Community Corner

Indian Attack, Gunston Hall and Cranford Memorial Methodist Church

Have you seen these historic markers on Gunston Rd. in Lorton?

Drive down Gunston Rd. a spell and you may catch these three historic markers near the intersection at Old Colchester Rd.

Here's what they say:  

Indian Attack

To the east, on Dogue Neck, "certain unknown indians" attacked the house of Thomas Barton about 3:00 p.m. on Sunday, 16, June 1700, killing eight persons with "arrows and wooden tomahawks." The neighboring Piscataway Indians denied making the attack and blamed the Wittowees. The indians involved probably were angered by colonial encroachment on their land and may have been encouraged by the French. Lt. Col. George Mason wrote Gov. Francis Nicholson that "this murder was the Horriblast that ever was." 
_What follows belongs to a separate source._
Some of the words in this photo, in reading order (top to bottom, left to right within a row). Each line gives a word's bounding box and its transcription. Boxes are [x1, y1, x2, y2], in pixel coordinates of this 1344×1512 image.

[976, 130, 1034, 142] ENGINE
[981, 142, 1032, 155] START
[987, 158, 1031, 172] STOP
In present-day Fairfax Co., then part of Stafford Co., Mason increased the number of militia patrols, but the indians escaped. 

- Department of Historic resources, 1999


Gunston Hall 

Gunston Hall, four miles to the east, is one of the most noted colonial places in Virginia. The land was patented in 1651 by Richard Turney, who was hanged for taking part in Bacon's Rebellion in 1676. In 1696, the second George Mason acquired it. The house was built in 1755-1758 by the fourth George Mason, revolutionary leader and author of the Virginia Declaration of Rights and the first Constitution of Virginia. 
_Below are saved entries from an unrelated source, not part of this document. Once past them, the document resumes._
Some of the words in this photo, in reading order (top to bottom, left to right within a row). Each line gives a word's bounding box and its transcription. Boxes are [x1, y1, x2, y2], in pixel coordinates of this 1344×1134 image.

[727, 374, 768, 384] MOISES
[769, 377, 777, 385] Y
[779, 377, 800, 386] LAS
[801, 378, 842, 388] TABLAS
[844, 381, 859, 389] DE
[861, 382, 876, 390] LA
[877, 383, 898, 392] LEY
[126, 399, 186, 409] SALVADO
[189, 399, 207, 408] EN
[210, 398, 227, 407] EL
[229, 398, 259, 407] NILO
-Virginia Historic Landmarks Commission, 1968

Louis Chapel/Cranford Memorial Methodist Church

This church is a combination of several structures built on the site of the first Pohick Church (1730-1774), making tis one of the earliest sites of a religious institution in Fairfax County. Louis Chapel, named after a Methodist circuit rider, was built in 1857, and moved from a site nearby in 1952. Cranford Memorial, the main oration of the complex, was constructed in 1900. 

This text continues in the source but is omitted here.